Patience Is A Virtue - March 10, 2015

Click Here for This Week's Full Letter - March 10, 2015

    

Greetings,

          The latest employment data for February showed continuing labor market strength, sending the US dollar to its highest level in 12 years. Some would even say the USD move looks parabolic, which is synonymous with bubbles. The dollar could peak here, but I doubt it. Currencies are inherently relative value bets, and, at the moment, I don’t see what USD will depreciate against. The Euro? Take a look at the chart below. Net bond issuance from the Eurozone is negative for the first time in the currency-bloc’s history. At the same time, the ECB is buying a fixed amount (60 billion EUR) of debt every month until September 2016. Increased demand combined with shrinking supply means Eurozone rates are headed lower regardless of the economic environment.

           The prospect of higher rates in the US has many investors nervous about the stock market, but legendary investor Stan Druckenmiller isn’t worried.
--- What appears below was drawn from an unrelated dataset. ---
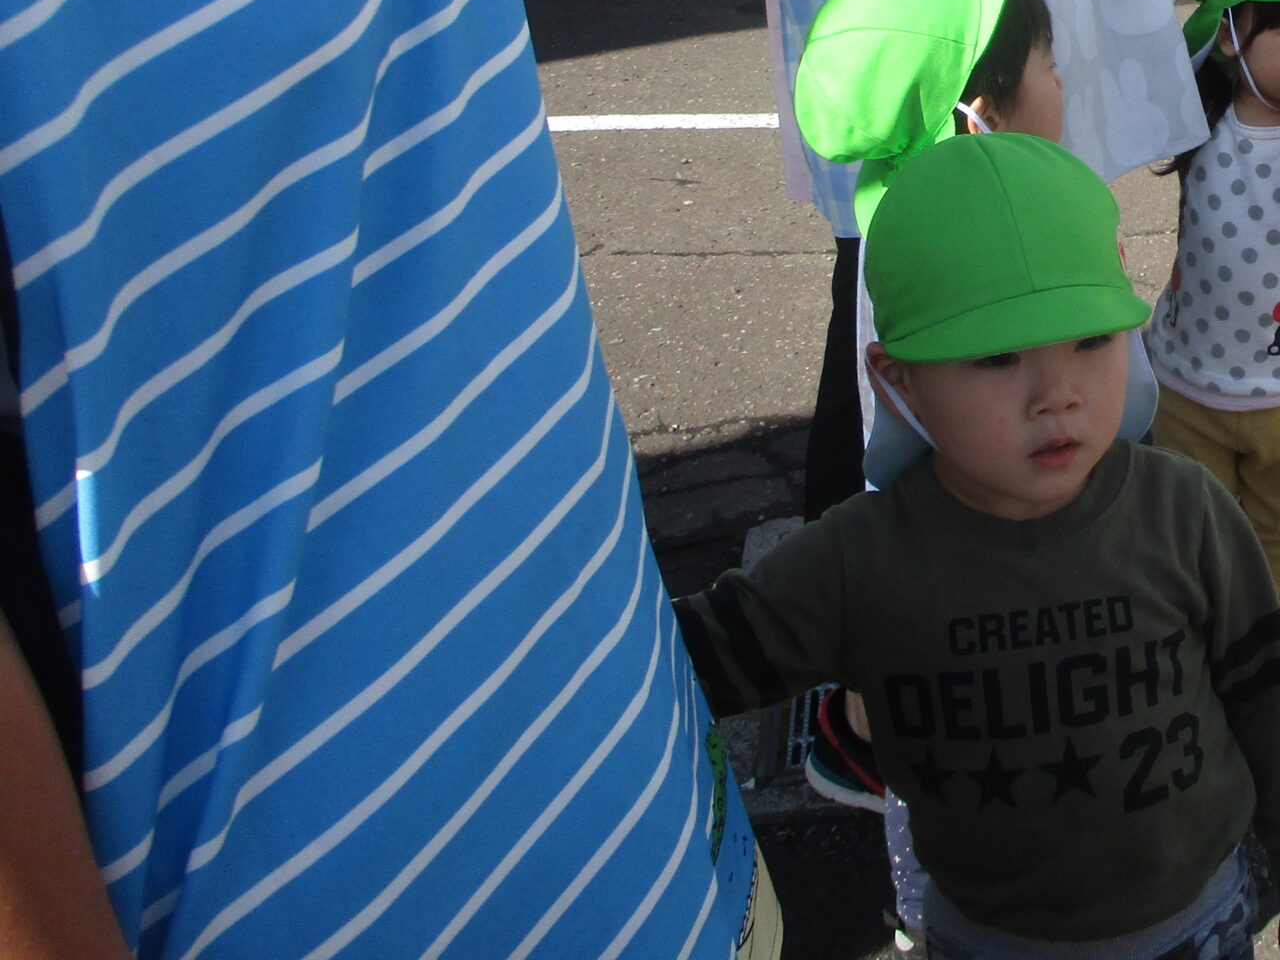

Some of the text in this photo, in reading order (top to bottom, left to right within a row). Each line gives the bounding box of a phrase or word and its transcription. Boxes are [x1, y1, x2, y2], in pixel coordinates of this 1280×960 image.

[949, 594, 1133, 656] CREATED
[884, 628, 1186, 741] DELIGHT
[1119, 711, 1204, 814] 23
In an interview last week, Druckenmiller made the astute point that if rates are going up, you should short bonds – not necessarily stocks. The stock market is facing several headwinds at the moment, mainly a stronger dollar, but the Federal Reserve has maintained the loosest monetary policy in its history for several years.
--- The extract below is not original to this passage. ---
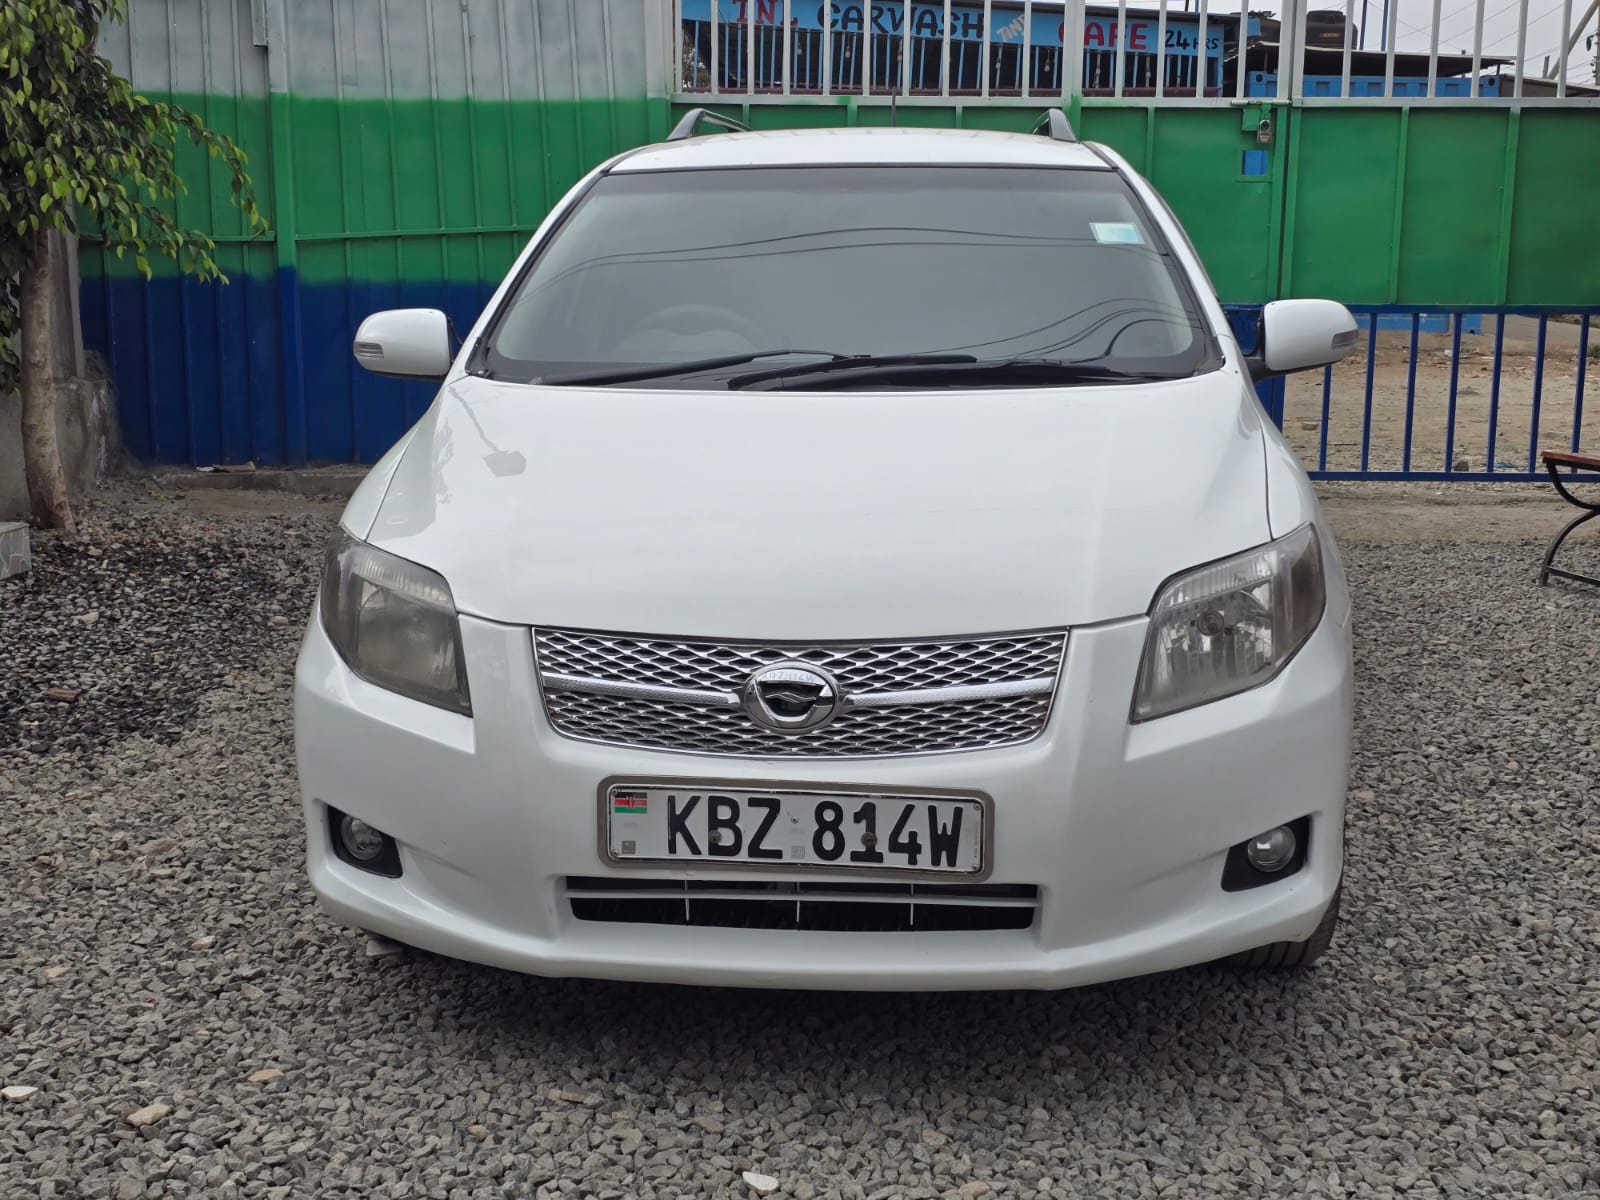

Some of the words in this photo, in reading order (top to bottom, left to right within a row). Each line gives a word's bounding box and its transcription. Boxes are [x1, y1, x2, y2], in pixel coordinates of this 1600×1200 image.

[816, 2, 985, 39] CARWASH
[1164, 30, 1190, 50] 24
[667, 795, 783, 859] KBZ
[811, 801, 964, 868] 814W
          India and China, home to 35% of the world’s population, both cut interest rates within the past 10 days for the second time in 2015 – and they have plenty of room to ease further. Monetary easing is an incredibly powerful tool for policymakers, and it often impacts the economy with a 9-12 month lag. Therefore it’s entirely plausible that we could see the stock market rally appreciably from these already expensive levels, even with higher rates.
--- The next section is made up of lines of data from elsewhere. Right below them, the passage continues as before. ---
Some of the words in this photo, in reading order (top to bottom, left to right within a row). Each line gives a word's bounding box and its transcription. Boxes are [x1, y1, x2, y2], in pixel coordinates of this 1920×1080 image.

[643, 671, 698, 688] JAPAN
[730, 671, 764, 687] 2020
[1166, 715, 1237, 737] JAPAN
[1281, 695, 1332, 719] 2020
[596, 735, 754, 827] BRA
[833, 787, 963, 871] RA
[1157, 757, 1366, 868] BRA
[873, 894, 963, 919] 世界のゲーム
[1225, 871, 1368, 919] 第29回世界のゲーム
          However, as history has taught us, the bigger the boom – the bigger the bust. The fact that there’s a debate over a 25bps hike tells us that while low interest rates boost asset prices, they’ve failed to deliver a robust recovery. Savers are being deprived of interest income and it’s very difficult to invest in these markets. At some point the tide will turn, volatility will pick up and there will be mouth-watering opportunities. Unfortunately, six years into this monetary experiment, it looks like we still need to be patient and wait for asymmetric opportunities.

      

          I made my podcast debut last week on the American Monetary Association’s weekly show. It was recorded in February, but most of the content is still pertinent. The Cup & Handle Fund was roughly flat last week, still up 10% since inception. I’m going to start my writing my March investment letter soon, and subscribers should expect to see the finished product within the next two weeks – if you’d like to start receiving these letters click here.

     

Today’s letter will cover several topics, including:

  • Getting Real in Brazil
  • Buybacks Keep Booming
  • Denmark’s FX Gamble
  • Chart of the Week

   

With that, I give you this week's letter:

March 10, 2015

    

As always, if you have any questions or comments or just want to vent, please send me an email at mike@cup-handle.com.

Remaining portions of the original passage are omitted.